Utah Gov. Jon Huntsman delivers remarks during the memorial service.

On Sept. 9, an interfaith memorial service was conducted in honor of the nine coal miners and rescuers who died in the Crandall Canyon disasters.

During the memorial service, local, state and federal dignitaries spoke about the mine collapses at Crandall Canyon and the community impacted by the disasters.

"There has been pain, discomfort and loss on the part of a lot of good people here. We honor friends and fellow citizens who lost their lives in Crandall Canyon and the subsequent rescue attempt. These were men who loved and were loved by others. Their time was cut short. Our community and our state has been hurting. There is not a single person in this crowd or within reach of a television camera who has not felt anguish and shed a tear over the events at Crandall Canyon," said Gov. Jon Huntsman.

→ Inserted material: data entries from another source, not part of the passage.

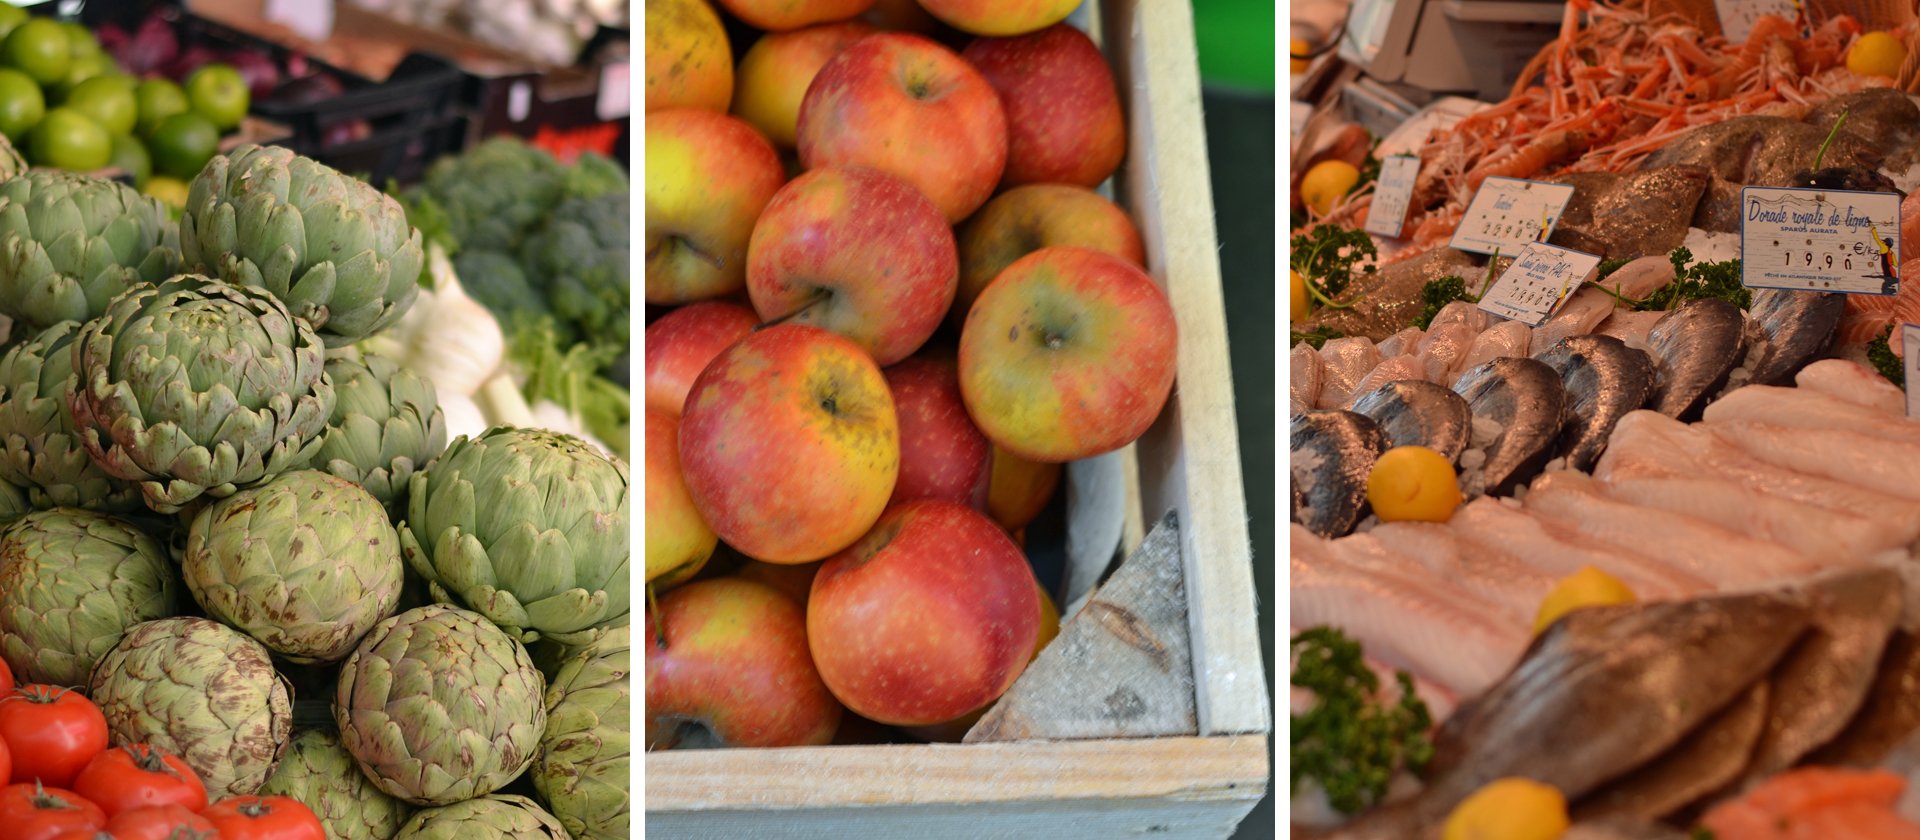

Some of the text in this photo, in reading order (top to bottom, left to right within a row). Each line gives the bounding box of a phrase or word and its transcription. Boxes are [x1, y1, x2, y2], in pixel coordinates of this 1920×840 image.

[1748, 200, 1870, 234] Dorade royale de ligne
[1780, 226, 1807, 234] SPARUS
[1853, 242, 1881, 261] €/kg
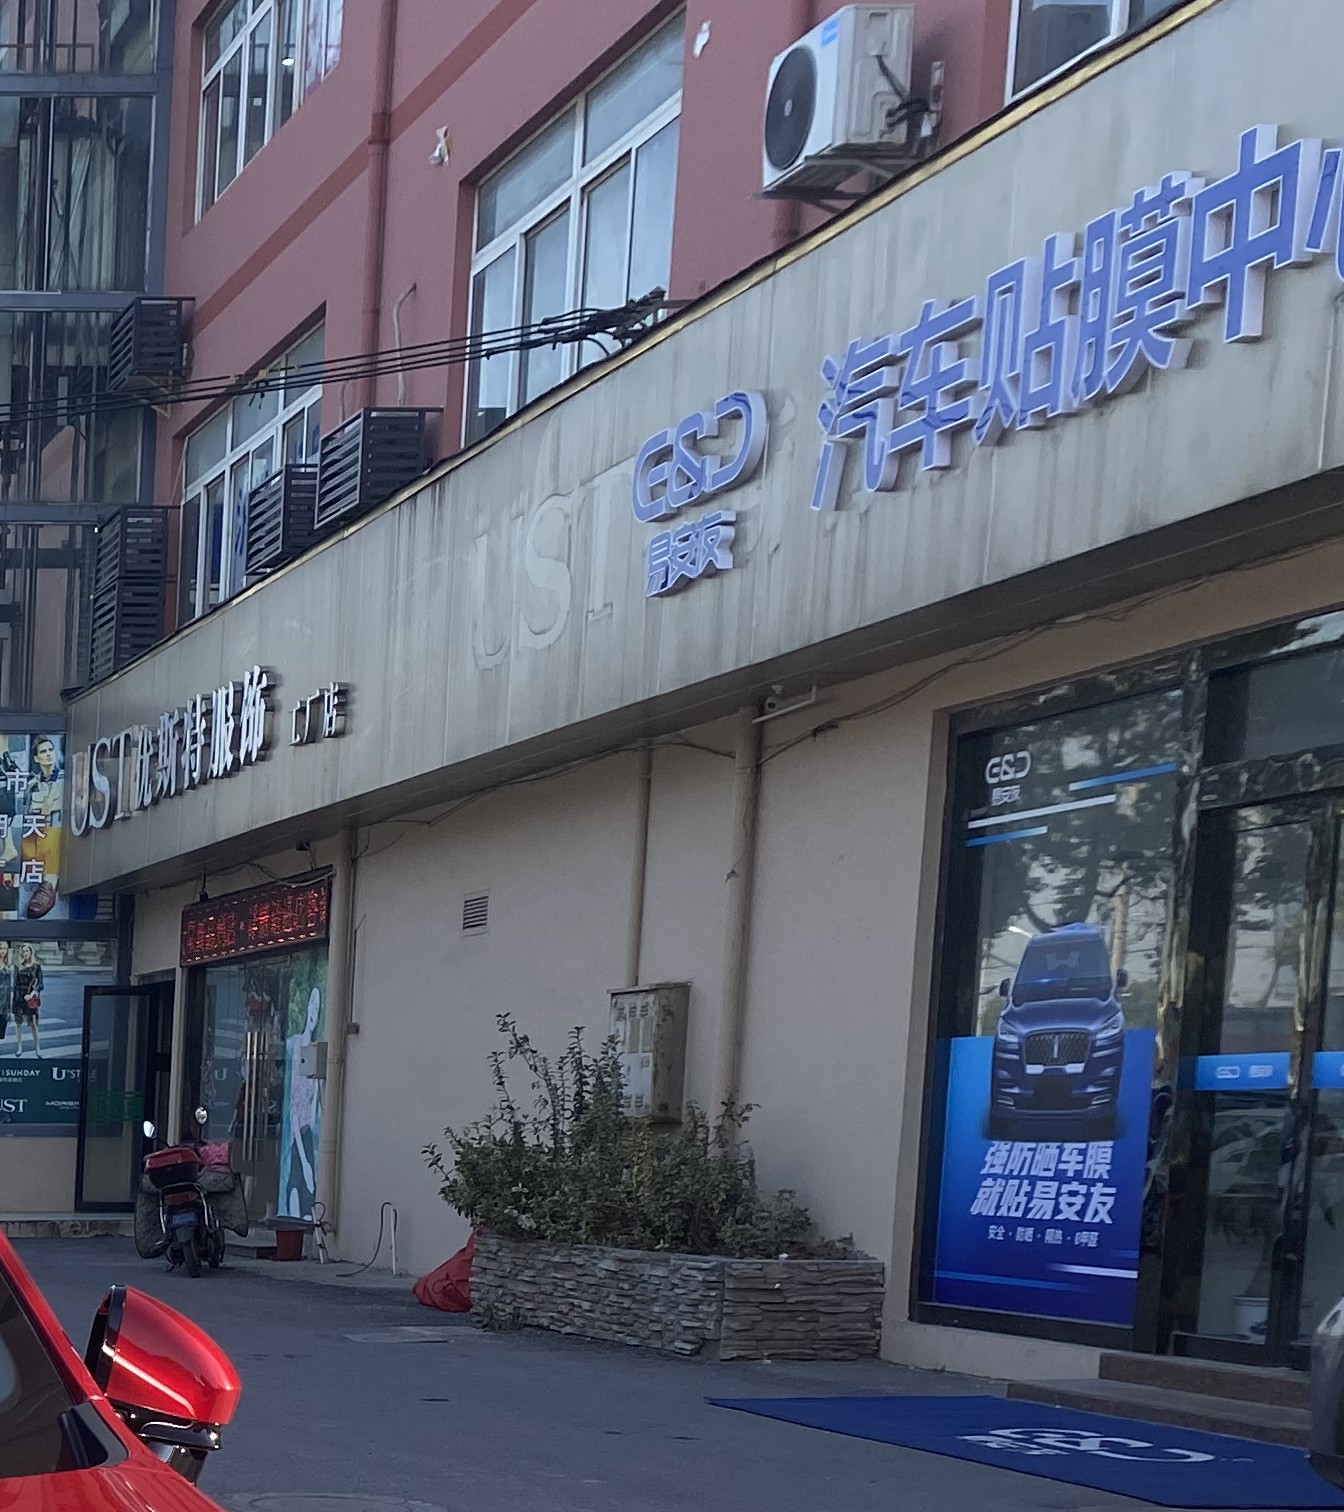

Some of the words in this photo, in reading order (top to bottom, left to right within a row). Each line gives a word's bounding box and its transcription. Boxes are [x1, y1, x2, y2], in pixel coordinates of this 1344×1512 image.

[646, 510, 736, 598] 易安友
[289, 682, 349, 745] 工厂店
[979, 1140, 1114, 1180] 强防晒车膜
[969, 1177, 1118, 1224] 就贴易安友

The governor stated that the present is a time for healing. " We need to ensure the lives of Kerry Allred, Don Erickson, Luis Hernandez, Manuel Sanchez, Dale Black, Brandon Phillips, Gary Jensen, Carlos Payan and Brandon Kimber live on," said the governor. "Mining and coal are a part of our state and will be for generations to come. Never let it be said that in this time of need we didn't rise to the occasion. We respect our neighbors more. We love a little more and may God bring peace to this community," added Huntsman.

Rep. Jim Matheson pointed out that United States lawmakers passed a resolution last week honoring the trapped miners and the rescue teams.

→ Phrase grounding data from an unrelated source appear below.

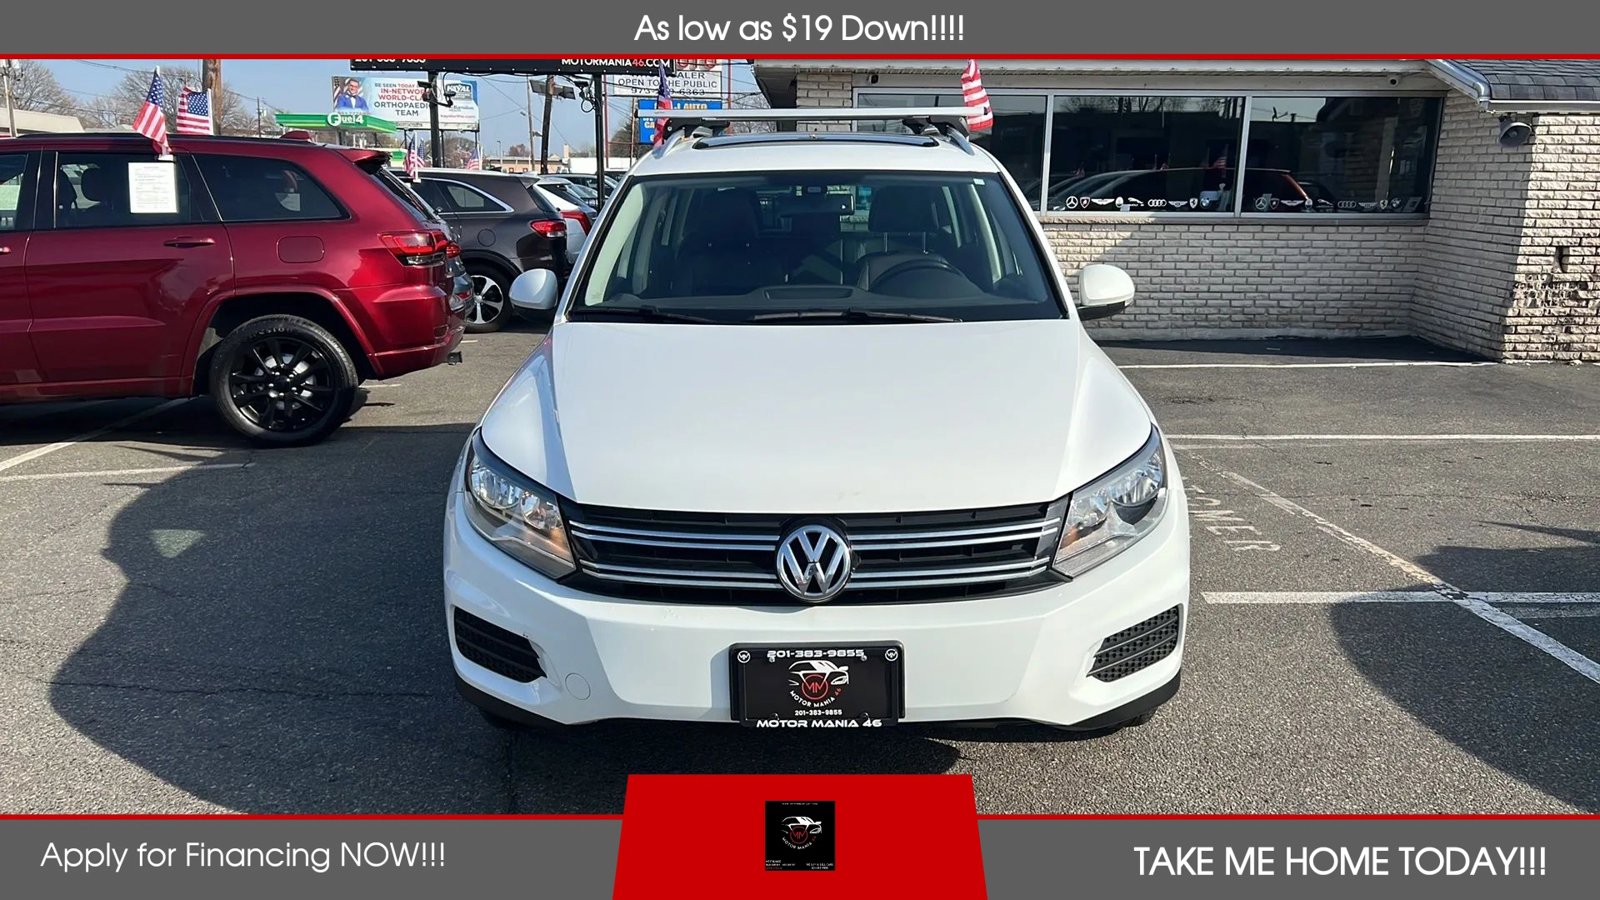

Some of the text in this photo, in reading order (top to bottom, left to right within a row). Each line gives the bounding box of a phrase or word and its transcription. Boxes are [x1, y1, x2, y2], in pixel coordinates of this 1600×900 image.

[676, 71, 706, 79] ALER
[683, 80, 718, 88] PUBLIC
[374, 101, 430, 109] ORTHOPAEDI
[766, 649, 865, 658] 201-383-9855
[790, 690, 812, 708] MOTOR
[813, 696, 836, 708] MANIA
[756, 719, 883, 728] MOTOR MANIA 46

Richard Stickler, assistant secretary of labor at the U.S. Mining Safety and Health Administration, said it was with a heavy heart that representatives from the federal agency paid tribute to the victims who died at Crandall Canyon.

"We feel your pain," commented Stickler. "We lost one of our own. Gary Jensen was a valued member of MSHA. He was all the good that MSHA stands for. He was an EMT, on the town council, a dedicated family man to his wife, Lola, and four children and three grandchildren. His ideals guided his life and he passed that onto his children. He gave his life to save others. They are true heroes. I pray God will bless and comfort you."

All of the nine coal miners and rescuers were eulogized during the service.

Colin King read tributes about the remaining eight miners and rescuers prepared by the families of the victims.

He said the following.

•Kerry Allred started life prematurely and spent time in an incubator. He had the nickname of Inky for awhile and later became known as Flash.

Allred would have turned 58 years old on Sept. 29. He passed away just six days before his wedding anniversary.

•Don Erickson was a good father and husband. He was also a good grandfather and proud of his grandkids.

Erickson had a lot of friends. He enjoyed being in the outdoors and he enjoyed telling stories.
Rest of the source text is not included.